National press coverage for the effort started in October of 2016. 60 Minutes aired a rare, double-length story interviewing Ethel’s sons Robert and Michael Meeropol and exploring the miscarriage of justice in the Rosenberg case. In the wake of that broadcast, media built to a crescendo by the end of 2016.
NPR’s Morning Edition and Here and Now, CBS News, The Washington Post, CNN, Democracy Now! and The Nation were among the many national outlets that did original reporting about the exoneration campaign. Newspapers and radio shows from Canada, England, Israel, Germany and Austria interviewed the Meeropol brothers. An Associated Press article appeared in more than 30,000 newspapers.

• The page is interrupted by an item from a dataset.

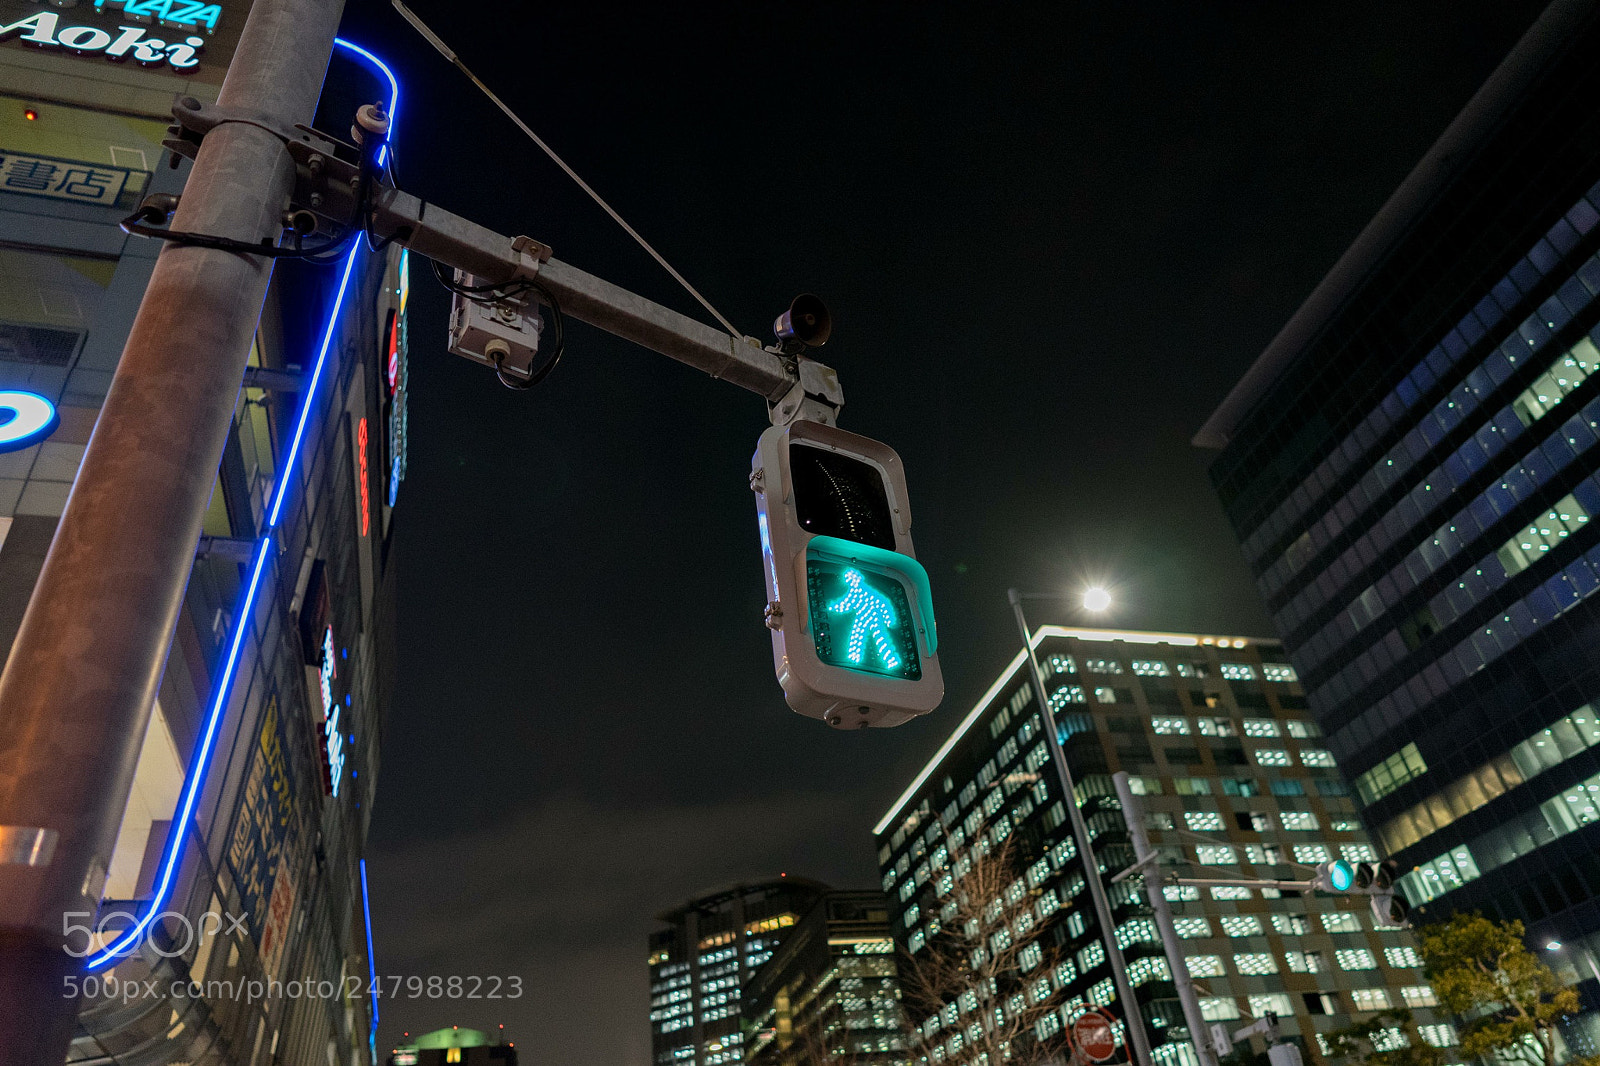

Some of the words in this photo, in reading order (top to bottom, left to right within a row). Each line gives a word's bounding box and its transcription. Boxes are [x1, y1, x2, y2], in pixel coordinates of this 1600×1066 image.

The Boston Globe wrote about the campaign repeatedly and its editorial board endorsed the effort with a full-page call for Obama to act. Their stories noted the fact that four members of the Massachusetts delegation in Congress got involved in the effort: U.S. Senators Elizabeth Warren and Ed Markey, and U.S. Representatives Jim McGovern and Richard Neal.
And even Fox News covered the campaign favorably, with a story on a stunning report from the Seton Hall School of Law about the government’s egregious actions towards Ethel, published in mid-December. Fox’s headline read, “Legal scholars claim new evidence shows Ethel Rosenberg was innocent in infamous spy case.”